= Melanie Irons =

Australian actress and community worker

Melanie Irons is an actress and community organizer from Hobart, Tasmania, Australia. Irons came to prominence in 2013 in the aftermath of the Dunalley Fire as the creator of the Tassie Fires We Can Help Facebook page. Since September 2013 she has co-starred in the indie web series Noirhouse. She is also a member of the council of Brand Tasmania, the state government agency that acts as custodian of the Tasmania brand. She is a 2015 Australia Day ambassador, won the Tasmania Non-Profit Sector of the 2013 Attorney General's Resilient Australia Award and was a 2014 Young Australian of the Year State Finalist.

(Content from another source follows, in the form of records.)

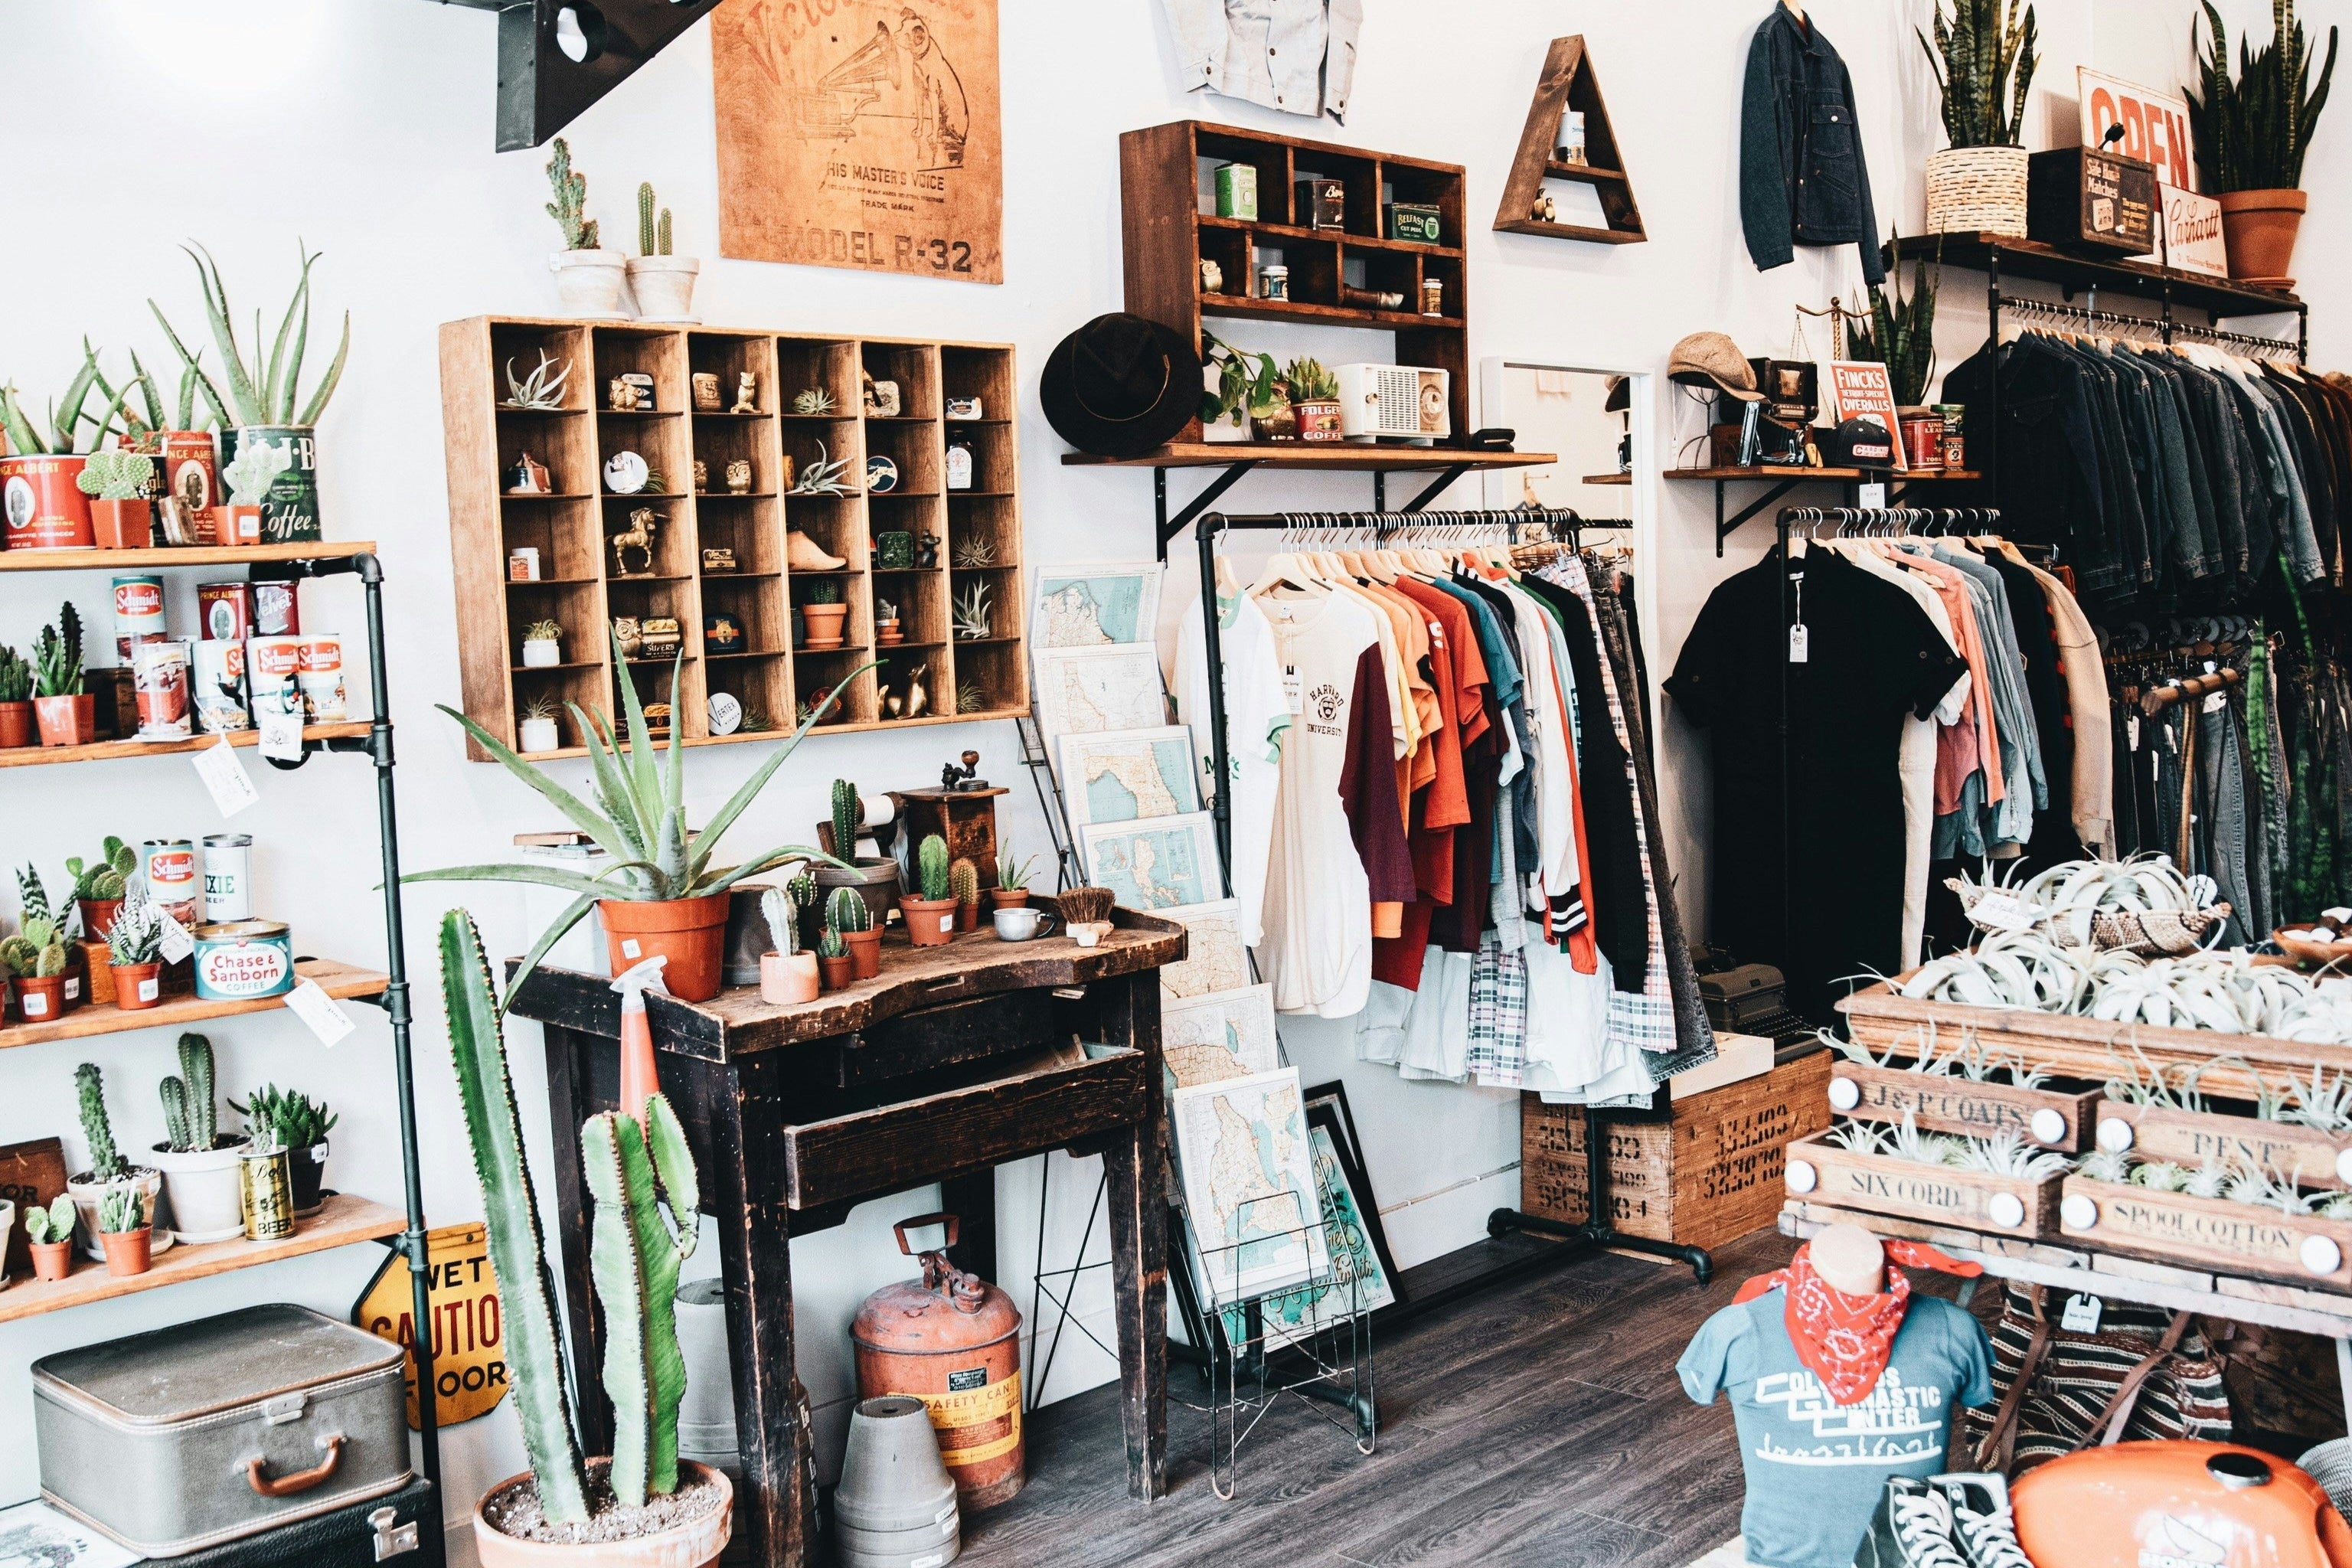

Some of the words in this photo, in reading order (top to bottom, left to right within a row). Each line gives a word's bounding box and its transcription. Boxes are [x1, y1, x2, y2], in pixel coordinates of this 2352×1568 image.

[2091, 87, 2190, 191] OPEN
[827, 162, 848, 178] HIS
[853, 164, 907, 185] MASTER'S
[911, 172, 945, 191] VOICE
[2087, 176, 2118, 199] Matches
[861, 199, 888, 210] TRADE
[890, 201, 915, 212] MARK
[1397, 214, 1425, 229] BELFAST
[2165, 199, 2220, 247] Carhartt
[894, 234, 972, 273] R-32
[1835, 368, 1886, 389] FINCK'S
[1841, 397, 1891, 413] OVERALLS
[15, 462, 60, 475] ALBERT
[261, 503, 312, 539] Coffee
[116, 586, 159, 611] Schmidt
[200, 590, 220, 600] PRINCE
[299, 645, 340, 668] Schmidt
[1309, 684, 1344, 707] HARVARD
[214, 955, 265, 969] Chase
[210, 967, 279, 982] Sanborn
[227, 981, 266, 992] COFFEE
[1941, 1095, 2025, 1127] COATS
[1539, 1125, 1641, 1160] COFEE
[1851, 1171, 1890, 1198] SIX
[1897, 1178, 1960, 1208] CORD
[258, 1217, 293, 1234] BEER
[2115, 1204, 2188, 1231] SPOOL
[2196, 1217, 2291, 1248] COTTON
[427, 1255, 487, 1292] WET
[405, 1360, 507, 1398] FOOR
[923, 1395, 978, 1410] SAFETY
[987, 1383, 1010, 1400] CAN
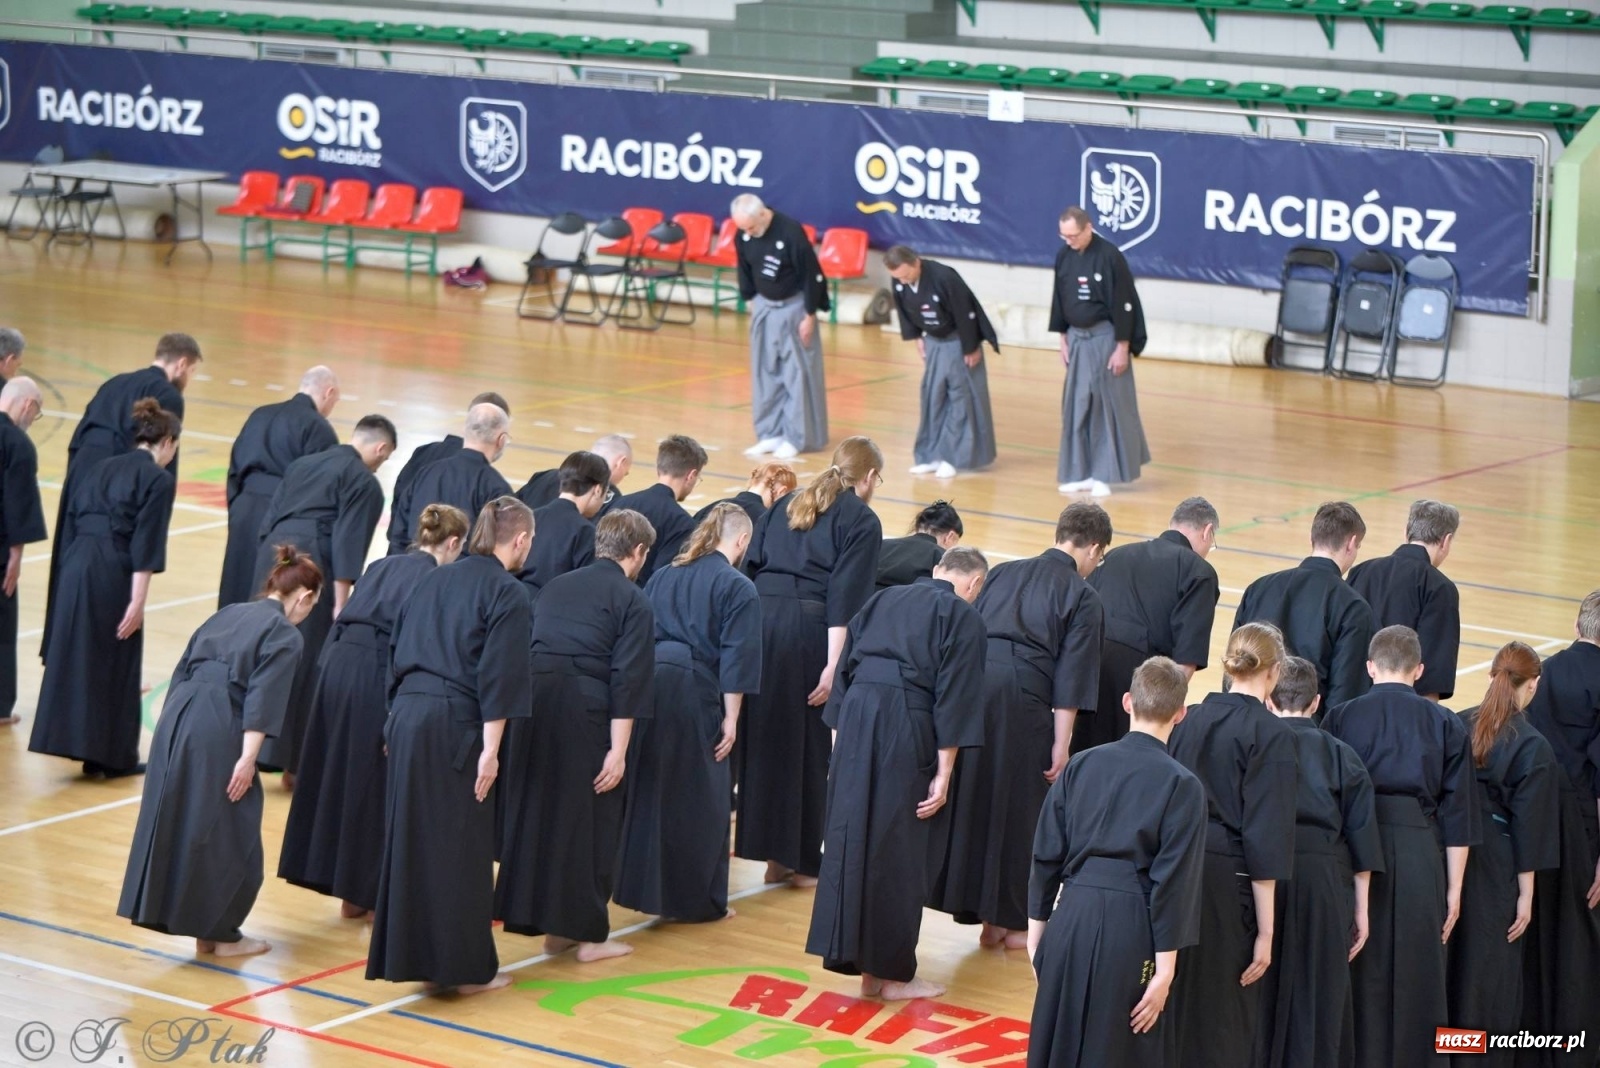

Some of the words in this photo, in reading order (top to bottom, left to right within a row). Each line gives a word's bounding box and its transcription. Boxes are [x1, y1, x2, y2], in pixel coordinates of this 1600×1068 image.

==Tassie Fires We Can Help==
On 4 January 2013, Irons created her Facebook page while babysitting a friend's child, wanting to help with the fire-fighting effort. The local ABC radio assisted her in spreading the word, and the page amassed 21,000 followers within 18 days. Her work with her Tassie Fires We Can Help page was credited as a major influence and help during the destruction of the town of Dunalley, Tasmania, organising aid, communicating with the community and acting as an alert system. Her page also prompted Tasmania Police to open their own social media accounts. She was the focus on an ABC Australian Story documentary Irons In The Fire.

==Acting==
Irons has starred in the web series Noirhouse since September 2013. For her work in the series she has won an Australian WebStream Award for Best Female Performance and was nominated for Best Sexy Actress from the Rome Web Awards.